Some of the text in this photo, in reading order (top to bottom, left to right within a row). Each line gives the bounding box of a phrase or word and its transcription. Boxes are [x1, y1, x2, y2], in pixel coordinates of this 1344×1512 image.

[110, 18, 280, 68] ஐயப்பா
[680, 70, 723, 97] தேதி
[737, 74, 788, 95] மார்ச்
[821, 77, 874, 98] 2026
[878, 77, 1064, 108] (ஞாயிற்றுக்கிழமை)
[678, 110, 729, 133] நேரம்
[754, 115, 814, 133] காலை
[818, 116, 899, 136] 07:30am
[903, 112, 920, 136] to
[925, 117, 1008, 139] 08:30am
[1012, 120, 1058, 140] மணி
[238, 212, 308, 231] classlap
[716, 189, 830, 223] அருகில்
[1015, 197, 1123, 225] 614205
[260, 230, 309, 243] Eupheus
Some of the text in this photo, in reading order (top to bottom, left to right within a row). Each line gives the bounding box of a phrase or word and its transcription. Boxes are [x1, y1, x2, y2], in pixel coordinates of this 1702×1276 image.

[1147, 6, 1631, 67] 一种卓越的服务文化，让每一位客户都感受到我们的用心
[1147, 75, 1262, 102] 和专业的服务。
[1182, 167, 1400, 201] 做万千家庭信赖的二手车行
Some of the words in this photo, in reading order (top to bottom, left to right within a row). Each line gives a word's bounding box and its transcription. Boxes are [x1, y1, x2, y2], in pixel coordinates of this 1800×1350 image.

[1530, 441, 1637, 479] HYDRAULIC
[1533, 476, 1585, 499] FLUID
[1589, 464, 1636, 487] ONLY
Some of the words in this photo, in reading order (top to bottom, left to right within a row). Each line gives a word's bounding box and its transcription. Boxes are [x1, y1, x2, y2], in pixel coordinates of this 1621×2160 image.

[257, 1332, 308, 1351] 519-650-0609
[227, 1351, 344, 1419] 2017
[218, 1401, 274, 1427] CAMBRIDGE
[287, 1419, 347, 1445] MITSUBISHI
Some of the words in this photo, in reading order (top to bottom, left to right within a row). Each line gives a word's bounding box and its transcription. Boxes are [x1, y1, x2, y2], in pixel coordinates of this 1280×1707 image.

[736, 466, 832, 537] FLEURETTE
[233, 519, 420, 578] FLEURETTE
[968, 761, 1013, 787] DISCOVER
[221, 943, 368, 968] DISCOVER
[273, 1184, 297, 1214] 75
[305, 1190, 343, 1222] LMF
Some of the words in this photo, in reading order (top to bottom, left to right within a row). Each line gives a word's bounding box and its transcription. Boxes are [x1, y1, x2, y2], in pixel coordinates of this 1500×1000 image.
-------
WORK REQUEST – Please write out only the lines from the one containing "this 1800×1350 image." to the end of the records above, exactly, both ends included.

REPLY –
Some of the words in this photo, in reading order (top to bottom, left to right within a row). Each line gives a word's bounding box and its transcription. Boxes are [x1, y1, x2, y2], in pixel coordinates of this 1800×1350 image.

[1530, 441, 1637, 479] HYDRAULIC
[1533, 476, 1585, 499] FLUID
[1589, 464, 1636, 487] ONLY
Some of the words in this photo, in reading order (top to bottom, left to right within a row). Each line gives a word's bounding box and its transcription. Boxes are [x1, y1, x2, y2], in pixel coordinates of this 1621×2160 image.

[257, 1332, 308, 1351] 519-650-0609
[227, 1351, 344, 1419] 2017
[218, 1401, 274, 1427] CAMBRIDGE
[287, 1419, 347, 1445] MITSUBISHI
Some of the words in this photo, in reading order (top to bottom, left to right within a row). Each line gives a word's bounding box and its transcription. Boxes are [x1, y1, x2, y2], in pixel coordinates of this 1280×1707 image.

[736, 466, 832, 537] FLEURETTE
[233, 519, 420, 578] FLEURETTE
[968, 761, 1013, 787] DISCOVER
[221, 943, 368, 968] DISCOVER
[273, 1184, 297, 1214] 75
[305, 1190, 343, 1222] LMF
Some of the words in this photo, in reading order (top to bottom, left to right within a row). Each line gives a word's bounding box and its transcription. Boxes are [x1, y1, x2, y2], in pixel coordinates of this 1500×1000 image.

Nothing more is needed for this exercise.